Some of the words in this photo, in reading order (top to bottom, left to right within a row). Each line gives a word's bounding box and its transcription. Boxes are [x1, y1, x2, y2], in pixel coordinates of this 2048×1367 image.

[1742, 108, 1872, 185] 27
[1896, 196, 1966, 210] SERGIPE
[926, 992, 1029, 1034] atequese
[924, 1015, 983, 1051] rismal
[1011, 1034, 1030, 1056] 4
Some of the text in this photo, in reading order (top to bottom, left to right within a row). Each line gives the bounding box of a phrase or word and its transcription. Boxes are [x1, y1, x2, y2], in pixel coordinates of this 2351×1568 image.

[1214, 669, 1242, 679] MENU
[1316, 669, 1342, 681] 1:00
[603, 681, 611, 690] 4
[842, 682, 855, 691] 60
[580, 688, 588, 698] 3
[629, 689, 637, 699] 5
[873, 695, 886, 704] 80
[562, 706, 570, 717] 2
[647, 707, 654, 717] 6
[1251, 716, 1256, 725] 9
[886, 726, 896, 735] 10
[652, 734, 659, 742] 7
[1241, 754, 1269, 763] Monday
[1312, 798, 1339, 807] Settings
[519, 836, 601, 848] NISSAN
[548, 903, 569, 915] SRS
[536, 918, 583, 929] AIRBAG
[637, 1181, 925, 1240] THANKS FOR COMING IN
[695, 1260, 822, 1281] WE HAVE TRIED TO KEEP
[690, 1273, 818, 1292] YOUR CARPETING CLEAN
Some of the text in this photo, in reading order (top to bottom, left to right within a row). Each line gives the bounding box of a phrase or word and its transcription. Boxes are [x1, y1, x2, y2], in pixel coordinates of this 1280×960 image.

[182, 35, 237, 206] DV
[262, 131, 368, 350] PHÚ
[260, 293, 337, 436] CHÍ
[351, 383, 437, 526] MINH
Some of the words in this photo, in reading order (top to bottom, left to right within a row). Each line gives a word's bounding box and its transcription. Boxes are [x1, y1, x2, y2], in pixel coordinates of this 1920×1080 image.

* **Task statement**
Output each of the records exactly as it stands above.

* **Solution**
Some of the words in this photo, in reading order (top to bottom, left to right within a row). Each line gives a word's bounding box and its transcription. Boxes are [x1, y1, x2, y2], in pixel coordinates of this 2048×1367 image.

[1742, 108, 1872, 185] 27
[1896, 196, 1966, 210] SERGIPE
[926, 992, 1029, 1034] atequese
[924, 1015, 983, 1051] rismal
[1011, 1034, 1030, 1056] 4
Some of the text in this photo, in reading order (top to bottom, left to right within a row). Each line gives the bounding box of a phrase or word and its transcription. Boxes are [x1, y1, x2, y2], in pixel coordinates of this 2351×1568 image.

[1214, 669, 1242, 679] MENU
[1316, 669, 1342, 681] 1:00
[603, 681, 611, 690] 4
[842, 682, 855, 691] 60
[580, 688, 588, 698] 3
[629, 689, 637, 699] 5
[873, 695, 886, 704] 80
[562, 706, 570, 717] 2
[647, 707, 654, 717] 6
[1251, 716, 1256, 725] 9
[886, 726, 896, 735] 10
[652, 734, 659, 742] 7
[1241, 754, 1269, 763] Monday
[1312, 798, 1339, 807] Settings
[519, 836, 601, 848] NISSAN
[548, 903, 569, 915] SRS
[536, 918, 583, 929] AIRBAG
[637, 1181, 925, 1240] THANKS FOR COMING IN
[695, 1260, 822, 1281] WE HAVE TRIED TO KEEP
[690, 1273, 818, 1292] YOUR CARPETING CLEAN
Some of the text in this photo, in reading order (top to bottom, left to right within a row). Each line gives the bounding box of a phrase or word and its transcription. Boxes are [x1, y1, x2, y2], in pixel coordinates of this 1280×960 image.

[182, 35, 237, 206] DV
[262, 131, 368, 350] PHÚ
[260, 293, 337, 436] CHÍ
[351, 383, 437, 526] MINH
Some of the words in this photo, in reading order (top to bottom, left to right within a row). Each line gives a word's bounding box and its transcription. Boxes are [x1, y1, x2, y2], in pixel coordinates of this 1920×1080 image.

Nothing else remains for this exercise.